Computers were all about automating the drudgery, organizing the chaos, and carving out a sliver of time so I could spend the extra minutes needed to give the care I wanted to give.  I was using them to give good care despite the real nature of the medical record: a vehicle for billing.

But that was my past life. Now I no longer have to worry about a Medicare audit (and the looming threat of an accusation of “fraud” for simply not obeying the impossible documentation rules).  I no longer have to keep my office full and my patients sick enough to pay the bills.  I am actually rewarded for handing problems early, for communicating well, and for keeping patients healthy and happy, as it keeps them paying the monthly subscription fee.

Ironically, in asking the question, what would a health record look like  if my only concern was patient care,  I was really asking the question: what does “meaningful use” of the record really look like?  Now this question is no longer a hypothetical; it is real.  My rejection of EMR systems that catered to my previous needs and my quest to build one that fits my current needs have given me the chance to work very hard at answering that question.  The success of my practice, and the success of other practices like mine, will depend on our ability to answer that question.  I am now in a system that actually values communication, prevention, and organization, so I no longer need computers for work-arounds; I need computers to help me reach those goals.

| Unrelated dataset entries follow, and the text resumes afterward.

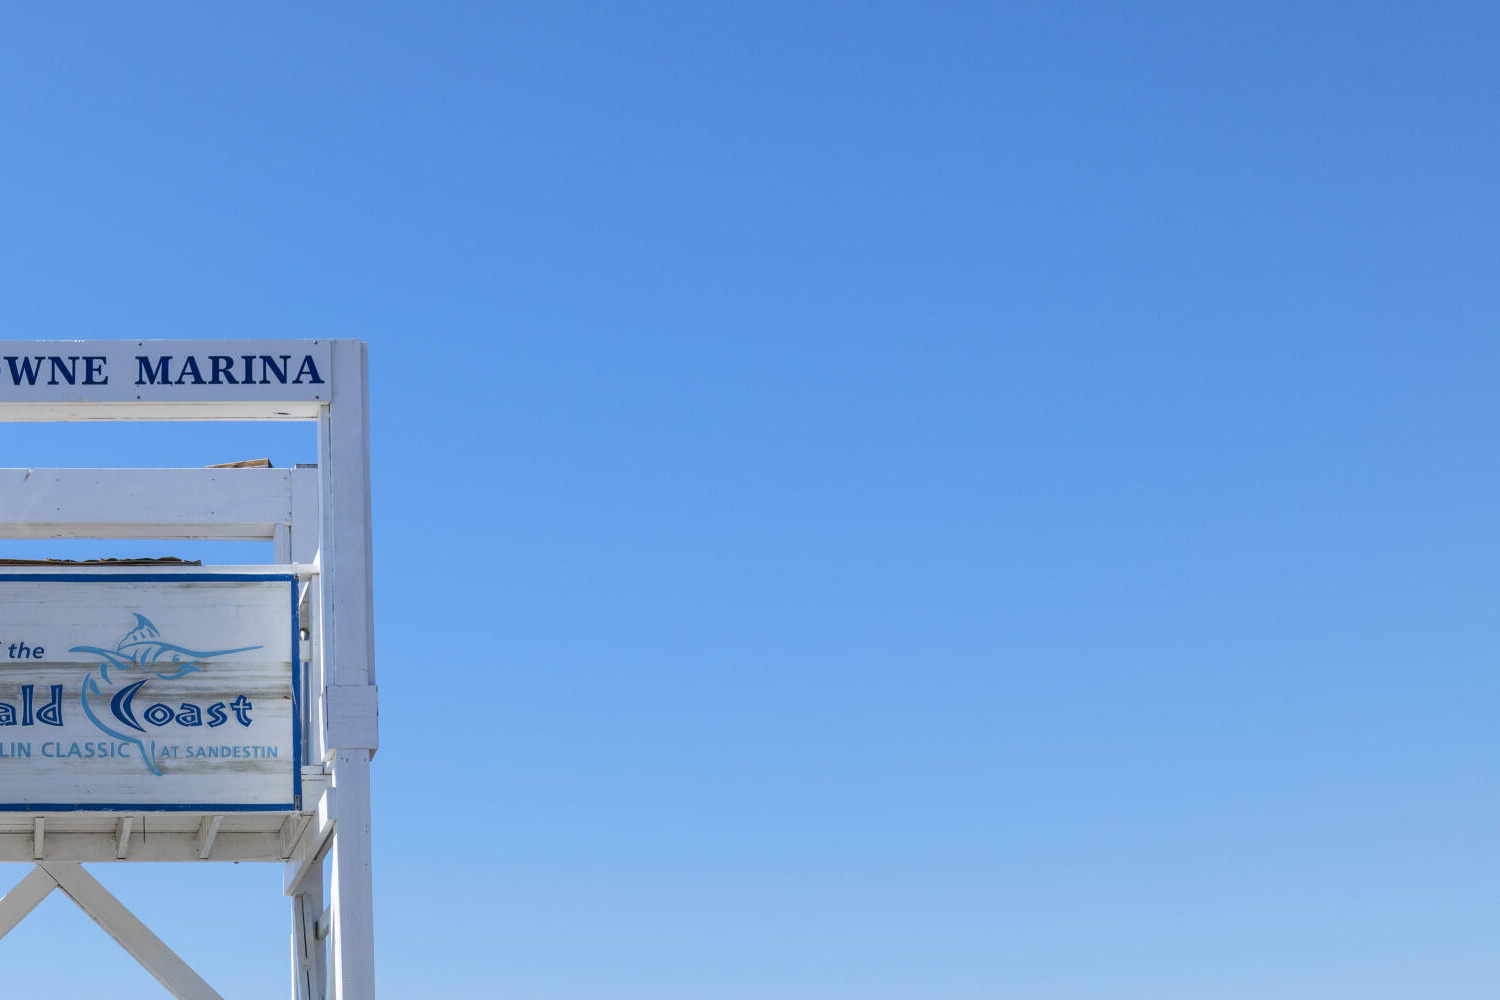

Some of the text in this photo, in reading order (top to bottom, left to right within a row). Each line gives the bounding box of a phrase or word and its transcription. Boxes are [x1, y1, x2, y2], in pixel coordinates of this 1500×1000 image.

[135, 354, 325, 384] MARINA
[8, 642, 45, 659] the
[111, 679, 253, 732] Coast
[41, 741, 130, 758] CLASSIC
[160, 746, 180, 758] AT
[186, 745, 278, 758] SANDESTIN
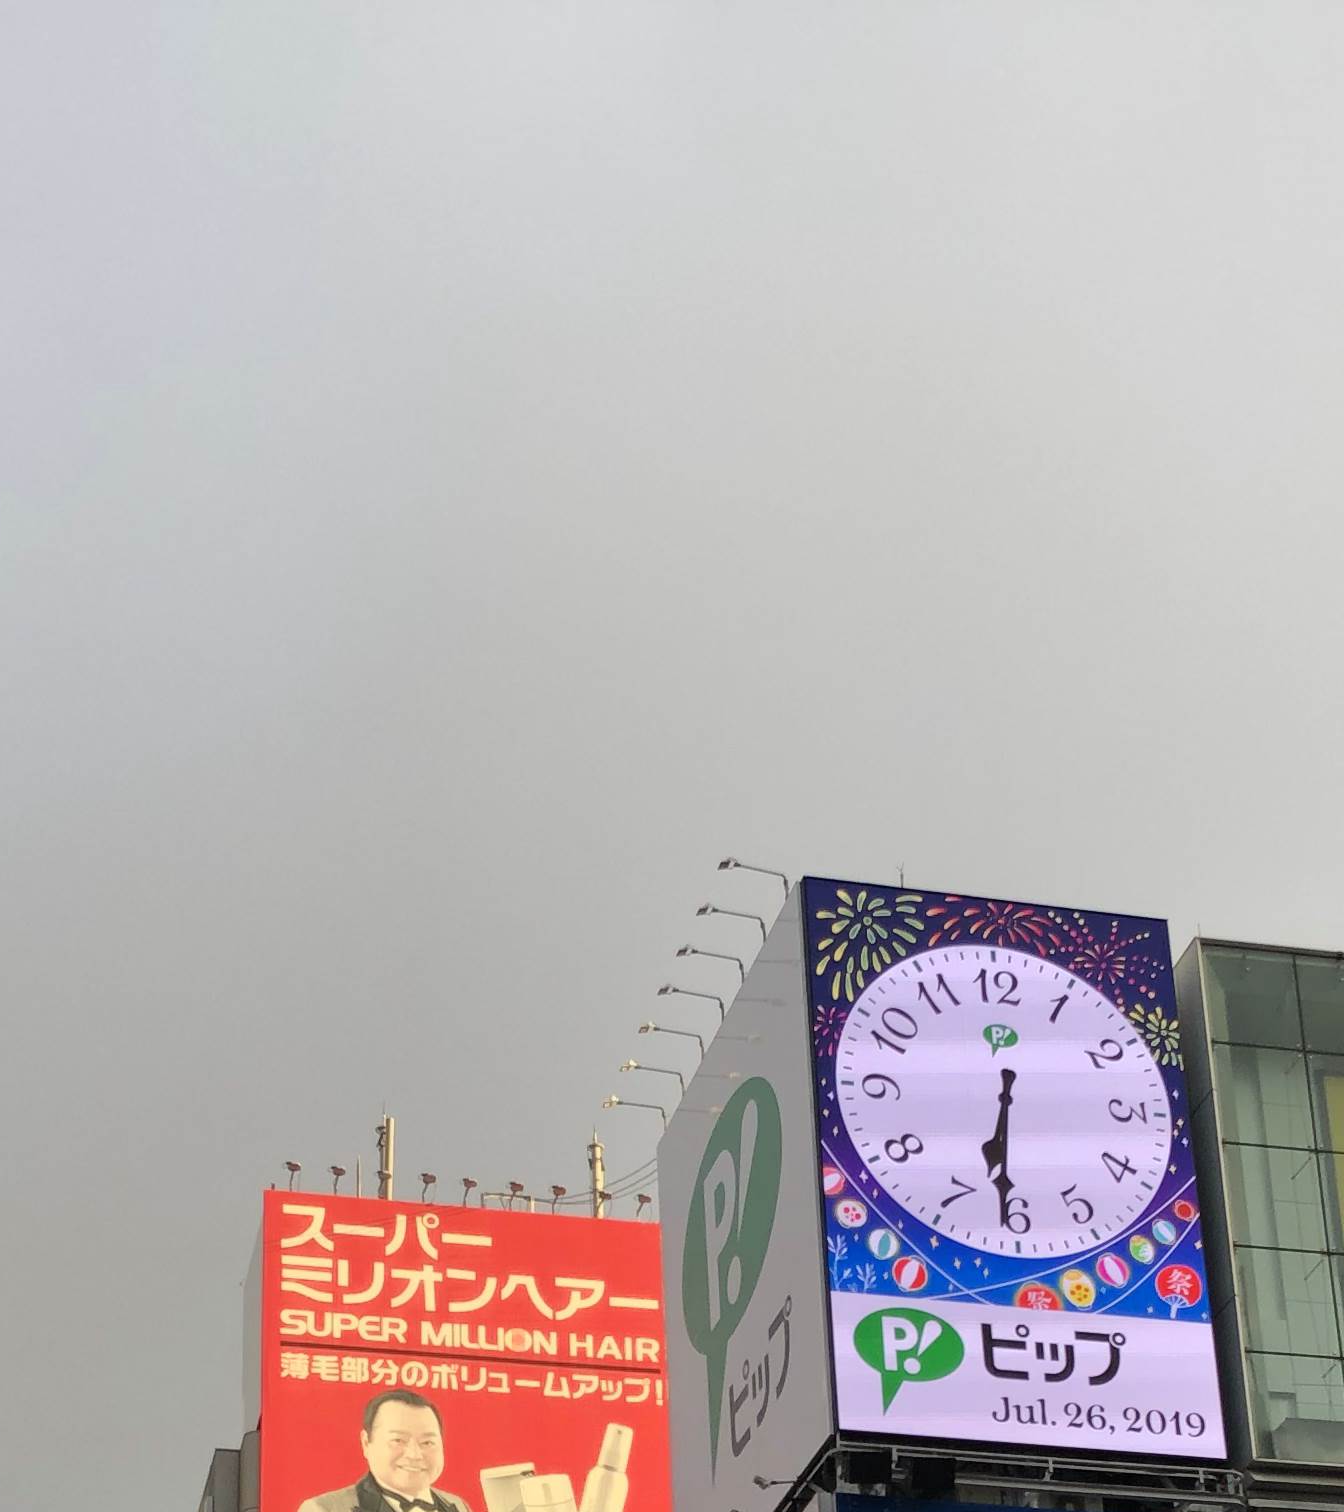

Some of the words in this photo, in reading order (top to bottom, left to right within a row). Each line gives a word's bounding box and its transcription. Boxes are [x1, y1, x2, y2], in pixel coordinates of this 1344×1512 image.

[917, 972, 962, 1016] 11
[973, 967, 1023, 1008] 12
[1049, 993, 1070, 1024] 1
[869, 1006, 920, 1056] 10
[1085, 1037, 1125, 1071] 2
[861, 1072, 902, 1102] 9
[1108, 1099, 1148, 1125] 3
[884, 1132, 925, 1164] 8
[1100, 1151, 1138, 1184] 4
[939, 1175, 977, 1210] 7
[1059, 1183, 1095, 1226] 5
[280, 1203, 493, 1262] スーパー
[1005, 1196, 1032, 1235] 6
[280, 1254, 659, 1321] ミリオンヘアー
[279, 1309, 407, 1344] SUPER
[420, 1321, 558, 1356] MILLION
[568, 1333, 661, 1363] HAIR
[980, 1322, 1127, 1386] ピップ
[728, 1294, 792, 1459] ピップ
[991, 1396, 1058, 1428] Jul.
[1066, 1400, 1116, 1435] 26,
[1121, 1407, 1207, 1439] 2019

As I’ve spent an enormous amount of time and energy (a.k.a. obsession) on my own system, I have come up with unexpected opportunities:

1. Abandon the artificial centrality of the office visit

The care I gave in my former life was held hostage to the office visit. This is not only (as I have mentioned before) the unit of commerce, but the unit of documentation.  Even in my new practice, where I am no longer loathe to give time and information outside of the office visit, I still am drawn to this unit of documentation.  Why?  Isn’t in-office care merely one of many communication options?  Isn’t it part of a continuum of communication happening over time?  Why should I separate the phone call earlier in the day from the visit that phone call prompted?  Why should I wait until they are in the office before getting a history?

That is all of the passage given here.